In the last 30 years, the HIV pandemic has claimed the lives of more than 35 million people. Now, thanks to global efforts to reduce deaths and prevent new infections, it seems like an HIV-free future might come sooner than anyone expected. In 2014, UNAIDS embarked on a strategy to eradicate HIV by 2030, an achievement that seems almost unthinkable twenty years ago, when deaths from the virus were at their peak.
One of the most exciting developments in the fight against HIV is pre-exposure prophylaxis, aka PrEP for short. Approved by Health Canada in 2016, PrEP isn't a new invention, but an innovative approach to preventing the spread of the virus using existing medication. Simply put, PrEP is the daily use of the anti-HIV drug Truvada by people who don't yet have the virus. And it's incredibly effective: if used consistently and as directed, studies show it can reduce the risk of HIV transmission by between 85% and 92%.
This is an especially big deal for men who have unprotected sex with men, one of the groups at the highest risk of contracting HIV in North America. But for millions of gay and bisexual men, PrEP is more than just a medical solution. Len Tooley, a Counsellor and Public Health Research Coordinator and a PrEP user, says the drug marks the end of a dark chapter in gay and bisexual history, in which sex could mean a death sentence.
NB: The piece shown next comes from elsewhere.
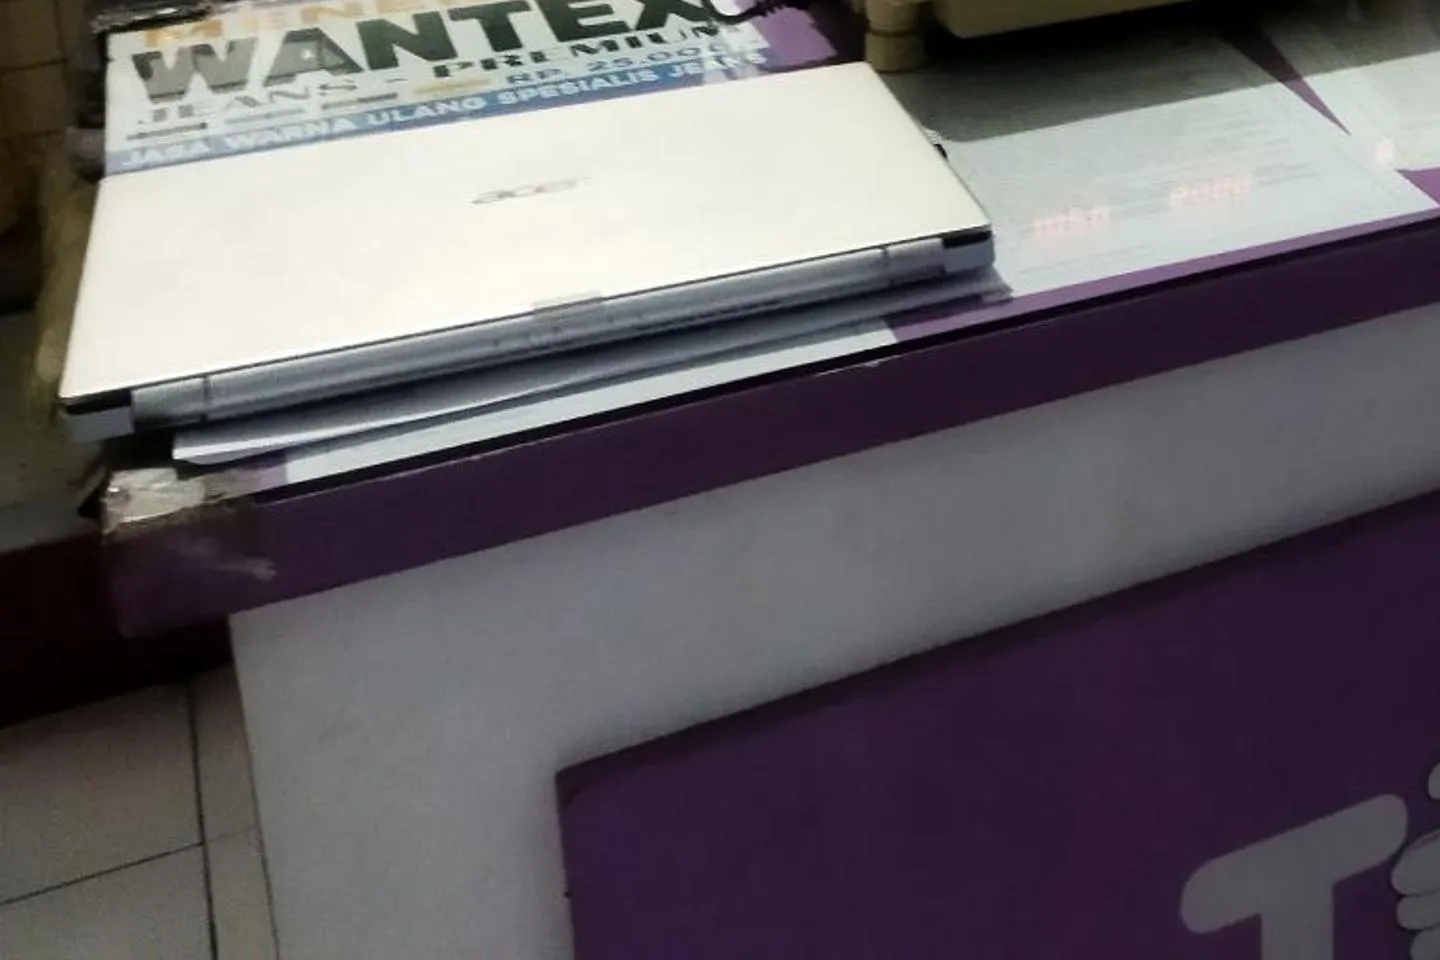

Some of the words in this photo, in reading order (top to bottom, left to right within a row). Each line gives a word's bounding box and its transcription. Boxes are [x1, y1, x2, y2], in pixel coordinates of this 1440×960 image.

For that reason, the emergence of PrEP marks an exciting time for Toronto's gay community, says Len, and not for the reasons you might think. He sees the medication as spurring a new kind of activism to improve access to the drug: "It's a great cultural moment. For so long it was 'we have condoms, just use them and deal with it.' Now [gay and bisexual men] are finding their voices: they're engaged and excited again."